Mind Fitness: How Meditation Boosts Your Focus, Resilience, and Brain | Daniel Goleman | Big Think
Altered states refers to a mode of consciousness or awareness that takes us out of our ordinary everyday sense of the world, sense of ourselves. We can enter altered states when we get intensely focused on something. Deep concentration will bring you into an altered state. Sometimes people like to talk about how athletes get “into the zone” or they “get into flow.” Those are everyday altered states, but they come from being intensely focused on some activity or in the moment itself.
And of course, altered states can come from drugs or from being in an unusual physiological state. A fever can bring on an altered state. And, of course, the ‘60s and ‘70s saw a huge upsurge of people interested in exploring altered states through psychedelics. So, altered states are temporary conditions, and when whatever it was that brought on the special state of awareness leaves, then the state fades.
So, if you get into a flow state rock climbing, when you come down from the mountain, it’s gone—or whatever may have caused it: your temperature might have gone up and put you into maybe not a pleasant altered state, but still an altered state. The temperature goes down, and it’s gone. Altered traits, on the other hand, are lasting changes or transformations of being.

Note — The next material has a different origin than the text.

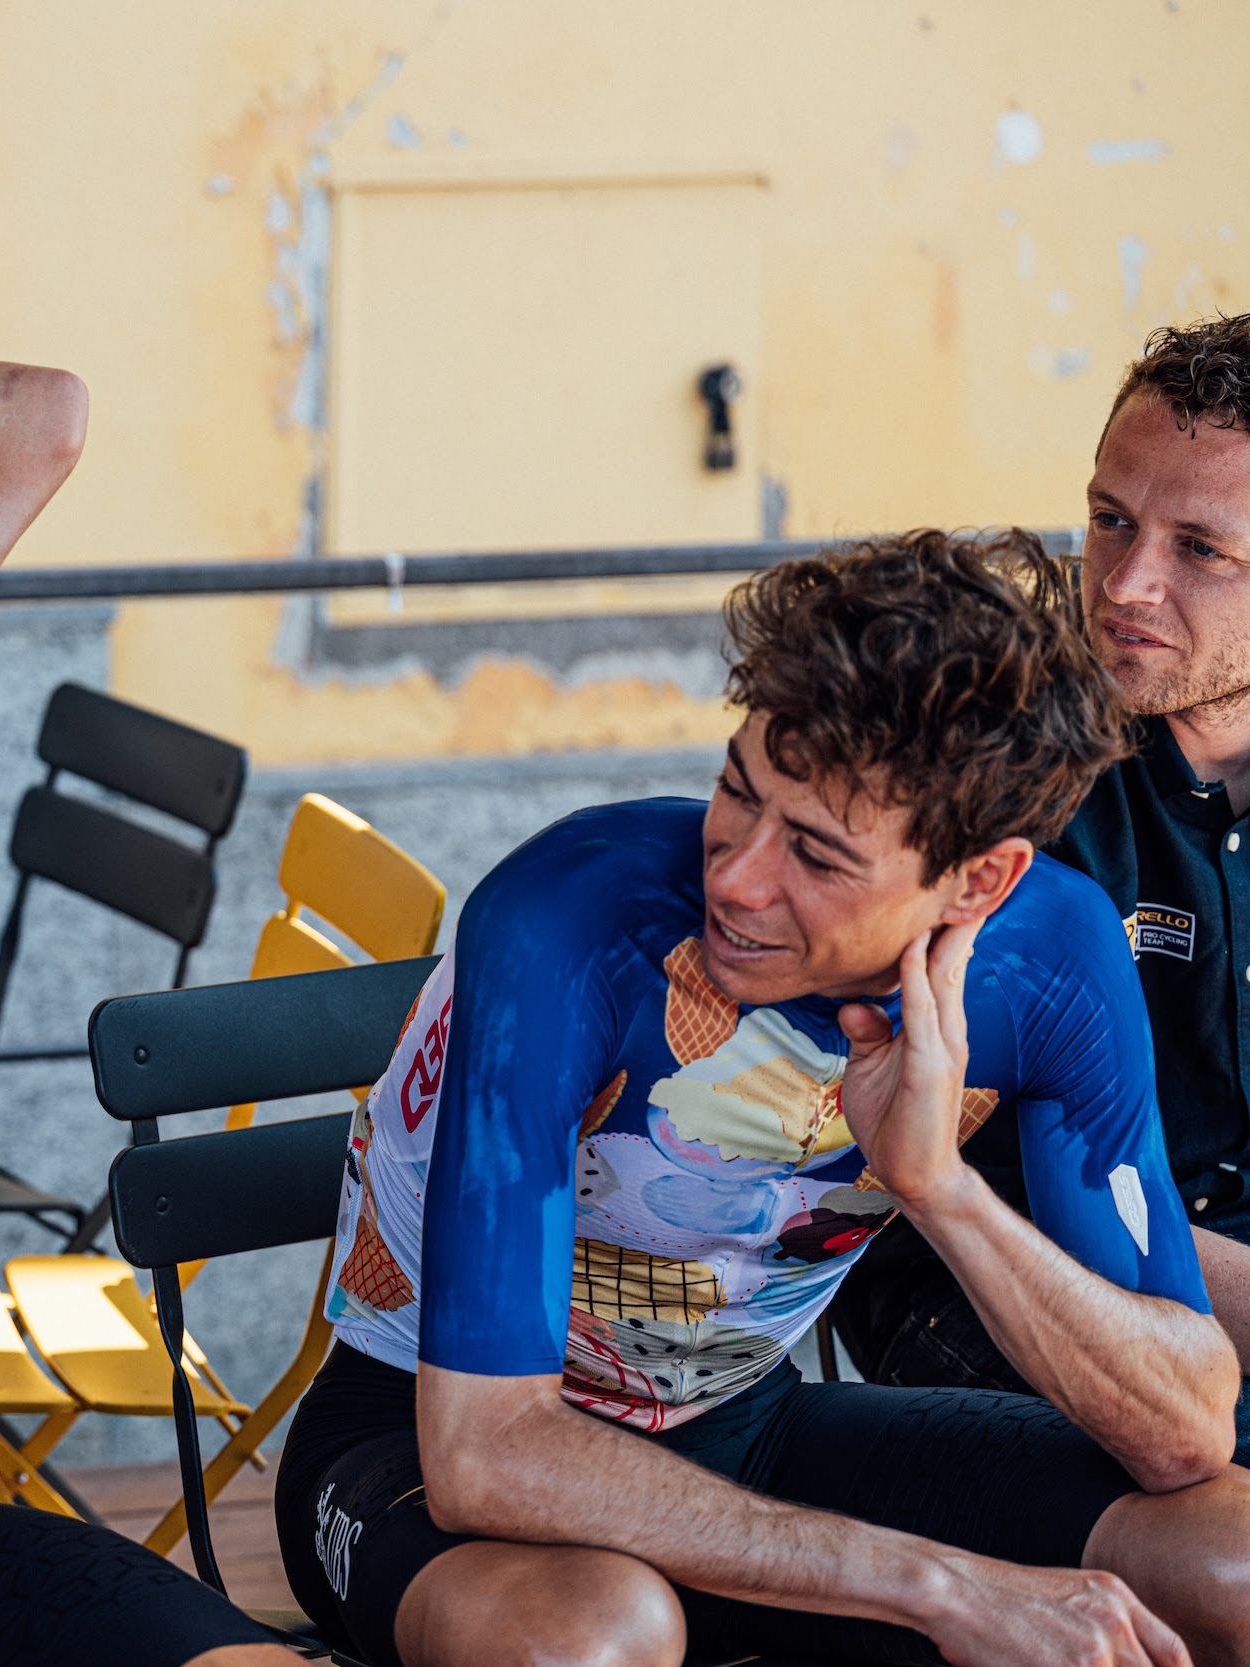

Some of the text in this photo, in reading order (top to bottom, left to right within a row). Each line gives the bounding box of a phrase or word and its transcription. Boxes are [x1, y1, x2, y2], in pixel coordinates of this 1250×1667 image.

They come classically through having cultivated an altered state through meditation, which then has a consequence for how you are day-to-day—and that’s different than how you were before you tried the meditation.

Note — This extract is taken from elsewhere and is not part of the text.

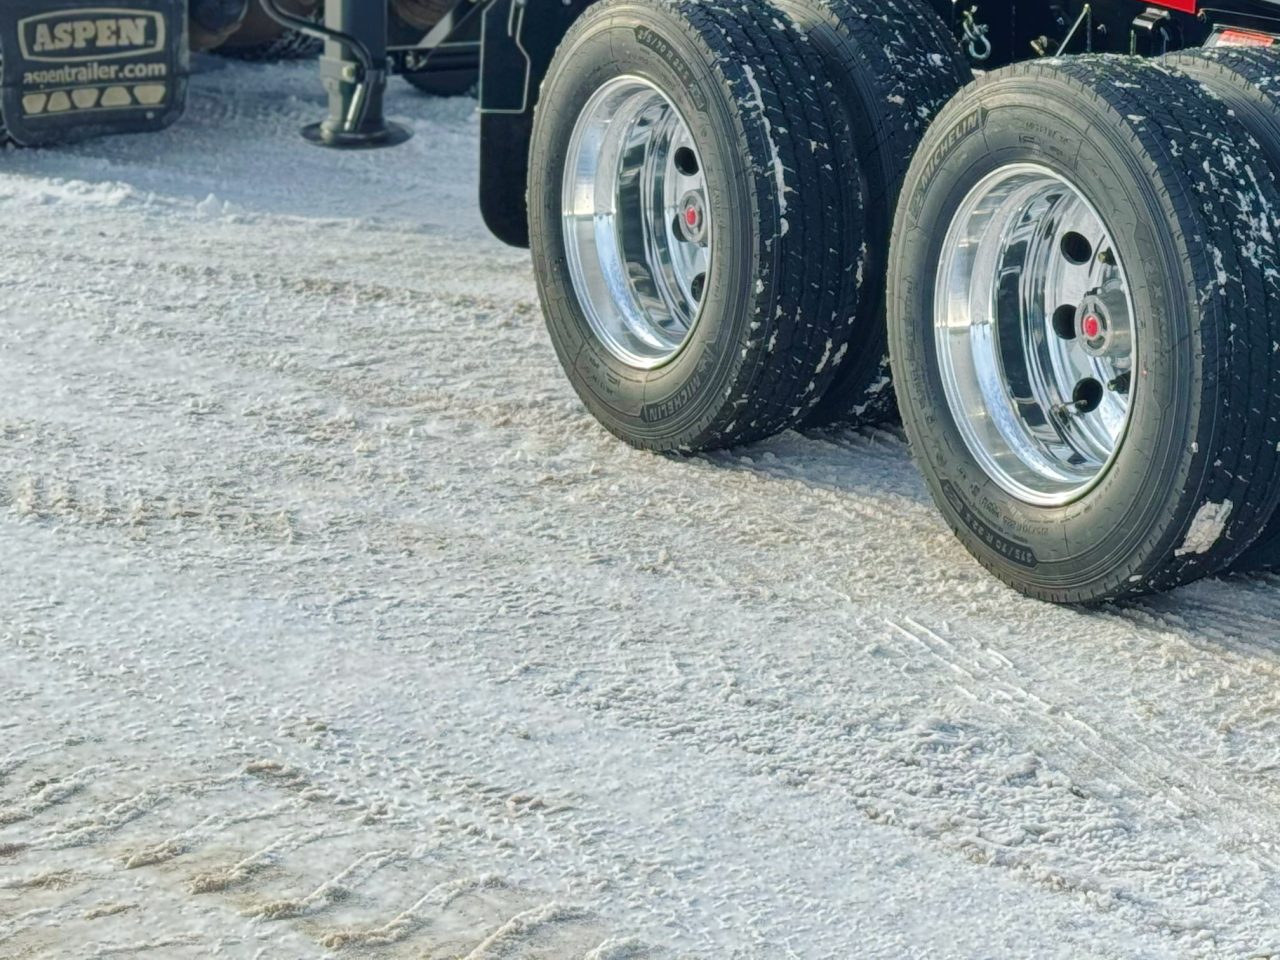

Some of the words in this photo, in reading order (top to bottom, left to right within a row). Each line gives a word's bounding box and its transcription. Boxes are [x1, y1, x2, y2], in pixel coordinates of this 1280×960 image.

[33, 18, 147, 52] ASPEN
[23, 62, 166, 86] aspentrailer.com
[921, 113, 977, 190] MICHELIN
[648, 374, 701, 422] MICHELIN

And what we find in our research, as we say in the book Altered Traits, is that the more you meditate, the more lifetime hours you put into it, the stronger the lasting traits become. When we surveyed more than 6,000 peer-reviewed articles published to date on meditation, we used very strict rigorous methodological standards and whittled them down to about 60. So, maybe one percent of all those articles were really well done. And they document very strongly that altered traits are a lasting consequence of regular meditation, and it’s not that it’s the altered states that’s the point.
If you look at the classic traditions from which meditation comes to us in the West, all of them talk about the quality of being, the person you’ve become. And we see it in the data in many ways. We see it in cognitive changes, we see it in behavioral changes, and most importantly, we see it in neurological changes. The neuroscience of meditation is really getting stronger and stronger. It’s pretty spectacular, and it shows that brain function and perhaps even structure in the long-term meditators becomes different and becomes different in ways that are actually predicted in classic meditation texts.
The good news is that there’s a dose response relationship in meditation. Apparently, from what we can tell, the longer you do it, the more benefits you get. So, for example, right from the beginning, there are intentional benefits, there are stress benefits, and you’re more resilient under stress. But we see this even more strikingly in people who have been longer-term meditators, people who have done meditation daily for, say, several years.
There you see, in terms of attention, things that don’t show up with the beginner so much. You see that, for example, they’re more present. There’s a strict test of this in cognitive science called the intentional blink. The intentional blink means you get lost in one thought and you don’t notice what’s happening the next moment. And this happens, of course, to all of us ordinarily, but longer-term meditators seem to have this less. It means they’re more present to the moment. Longer-term meditators are able to better focus in the midst of distractions.
This is kind of common sense because meditation, in essence, is training in attention. The basic move in meditation is you’re focusing on one thing or on a particular intentional stance. The mind-wandering circuitry, which is well-known in neuroscience, kicks in. People’s minds wander on average 50 percent of the time, research at Harvard tells us. So, at some point when you’re trying to do your meditation, your mind will wander. We’re wired that way.
The key is: do you notice that it wanders? Once you notice your mind has wandered off and you bring it back, you’re strengthening the circuitry for focus and for attention. And just like going to the gym and working out for years and years, doing reps, you get bigger muscles and more strength and fitness. The same thing happens in the mind. The mind is a mental gym, and meditation is a basic workout.
So, if you’re a long-term meditator, you get more benefits than people who are just starting out. It’s just common sense, and we see it in the scientific findings. So, longer-term meditators are better able to focus on that one thing and not be distracted even when there’s a hubbub around them; they’re better able to concentrate; they’re better able to be present to what’s happening.
So, the attentional benefits just get stronger and stronger, and even more importantly, they become traits. We see them not when a person is meditating but months after or just in their everyday life when they come into a lab without meditating. We see that the attentional benefits still last. The same thing is true of stress. In long-term meditators, the benefits for handling stress get stronger and stronger as time goes on.
Of course, we see some signs of this in people right from the get-go, beginners in meditation, but the longer you’ve been a meditator, the more, for example, you’re able to snap back from an upset. And this is really the sign of resilience. Resilience is measured scientifically by how long it takes you to get back to what we call your baseline, that pleasant mood you’re in before that thing flipped you out.
And the shorter that is, the more resilient you are. We see this as a lasting trait in long-term meditators; they are able to bounce back from stress. Also, we see that their amygdala, that trigger point for the stress reaction, is less reactive; they’re calmer in the face of stress. So, the stress benefits get stronger and stronger and become traits in long-term meditators.